The theme of universal joy and brotherhood is one that has thrilled and inspired audiences for more than a century. But this holiday season, for the first time in 19 years, the voices singing out the words of Schiller's "Ode to Joy" were Chinese, as were the some 1,800 eager listeners who jammed Peking's Red Tower Theater, and the orchestra performing Beethoven's Ninth Symphony, the Peking Central Philharmonic. At the podium was the Boston Symphony Orchestra's music director, Seiji Ozawa, painstakingly introducing musicians and audience alike to their first live performance of the Beethoven masterpiece since in 1961 .
But perhaps more surprising than the Western music itself, banned during the oppressive 10-year cultural revolution, were other refreshing indications of change. Men in the orchestra wore Western-style suits; women, floor-length evening dresses. Female vocalists, soloists, had shed the accustomed drab gray uniforms for bright red and green evening dresses, jeweled necklaces and earrings, and facial make-up.

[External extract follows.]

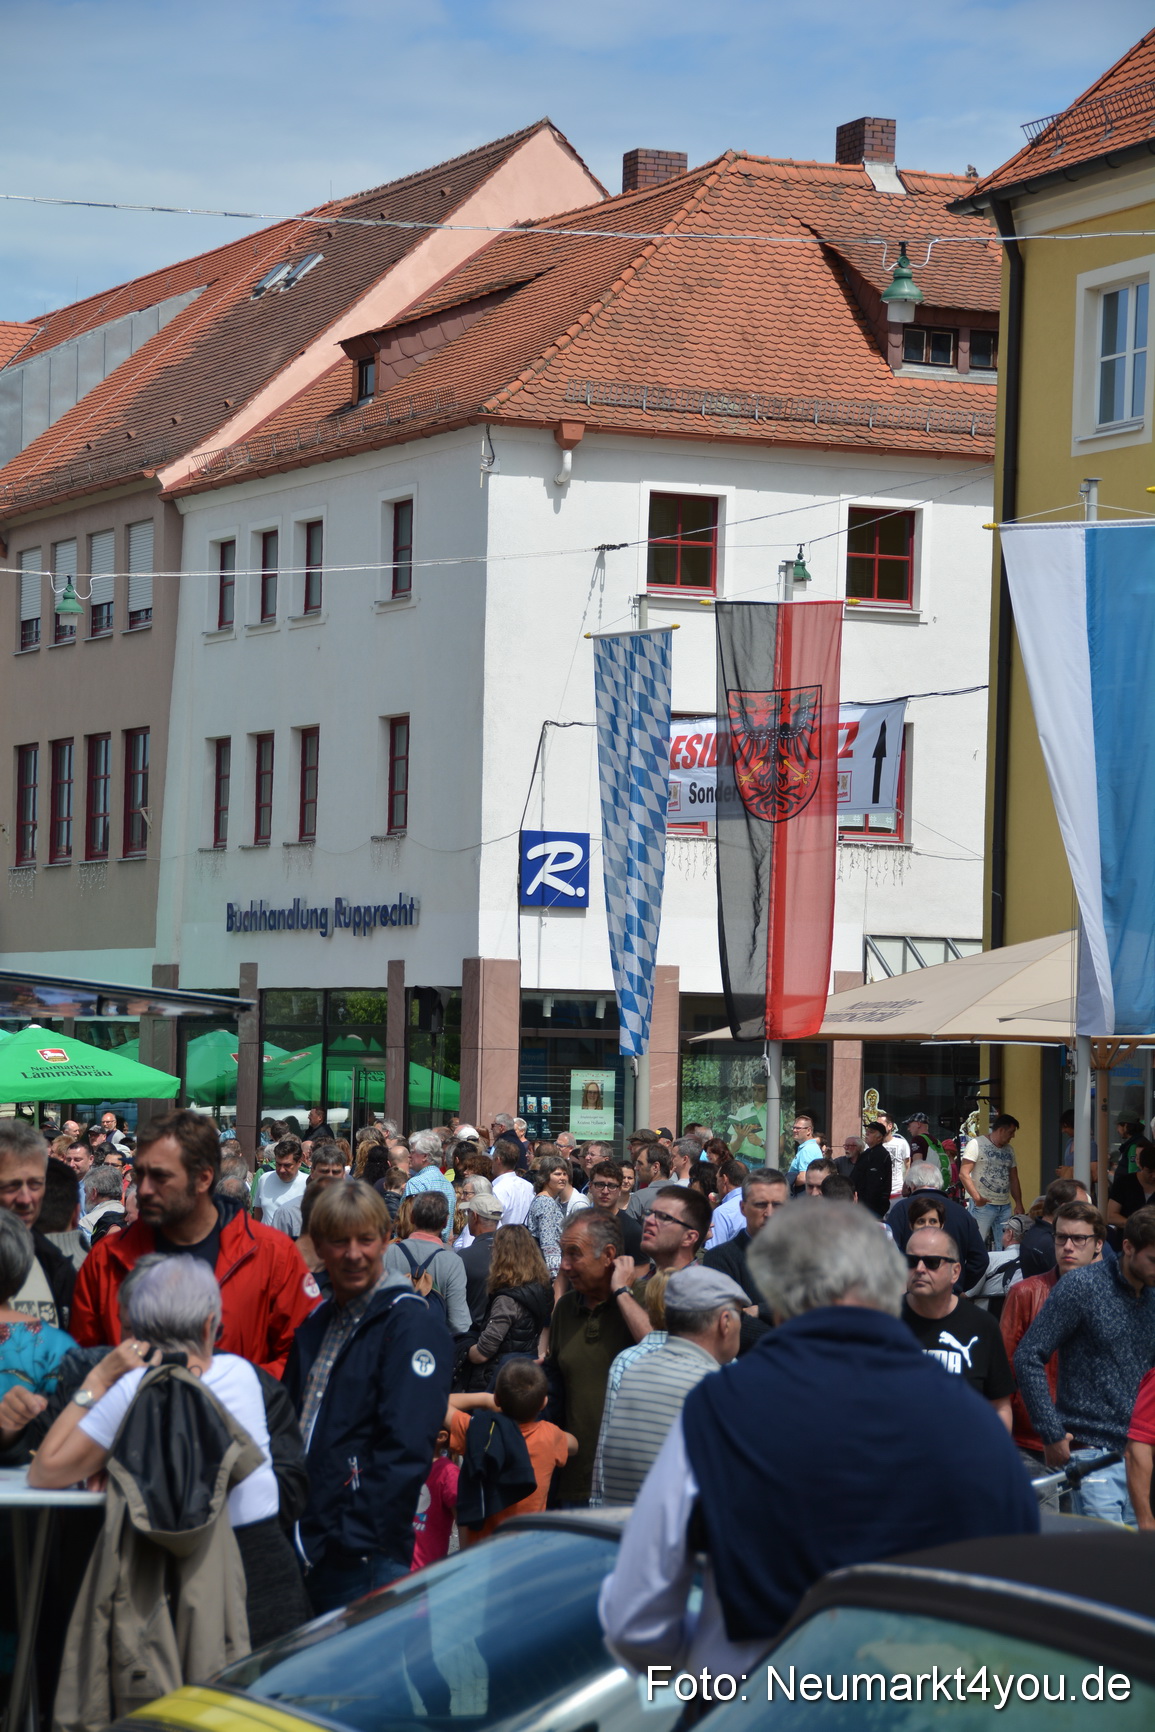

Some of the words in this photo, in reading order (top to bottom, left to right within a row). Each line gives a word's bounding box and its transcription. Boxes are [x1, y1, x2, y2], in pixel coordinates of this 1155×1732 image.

As in other areas in life, music in China shows welcome signs of gradually awakening from the stifling ideological isolation that held China in its grip in the past. Of course, a great many restrictions of communist dogma remain to be loosened. For instance, all references to Deity were eliminated from the Chinese translation of the Beethoven hymm. But these, too, could weaken in time , especially if the following sentiments in "Ode to Joy" are viewed as prophetic: Why bow ye down -- why down, ye millions? O world, thy Maker's throne to see Look upward, search the star pavilions -- There must His mansion be!